Personal information
- Born: October 11, 1987 (age 38) Carrot River, Saskatchewan, Canada
- Height: 1.78 m (5 ft 10 in)
- Weight: 72 kg (159 lb)

Sport
- Country: Canada
- Sport: Bobsleigh
- Event: 2-woman

Medal record
Women´s Bobsleigh
Representing Canada
World Championships
| Gold medal – first place | 2013 St.

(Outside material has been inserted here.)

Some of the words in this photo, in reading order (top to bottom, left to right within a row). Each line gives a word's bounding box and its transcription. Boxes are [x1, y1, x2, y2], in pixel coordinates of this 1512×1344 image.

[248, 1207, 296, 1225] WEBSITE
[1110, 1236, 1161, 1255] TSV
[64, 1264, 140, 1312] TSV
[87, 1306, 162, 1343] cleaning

Moritz | Two-woman |
| Bronze medal – third place | 2013 St. Moritz | Mixed team |

= Chelsea Valois =

Canadian bobsledder

Chelsea Valois (born October 11, 1987) is a Canadian bobsledder who has competed since 2012. She currently acts as the brakewoman for Jennifer Ciochetti and formerly Kaillie Humphries. Valois began as a track athlete at the University of Regina before switching to bobsleigh.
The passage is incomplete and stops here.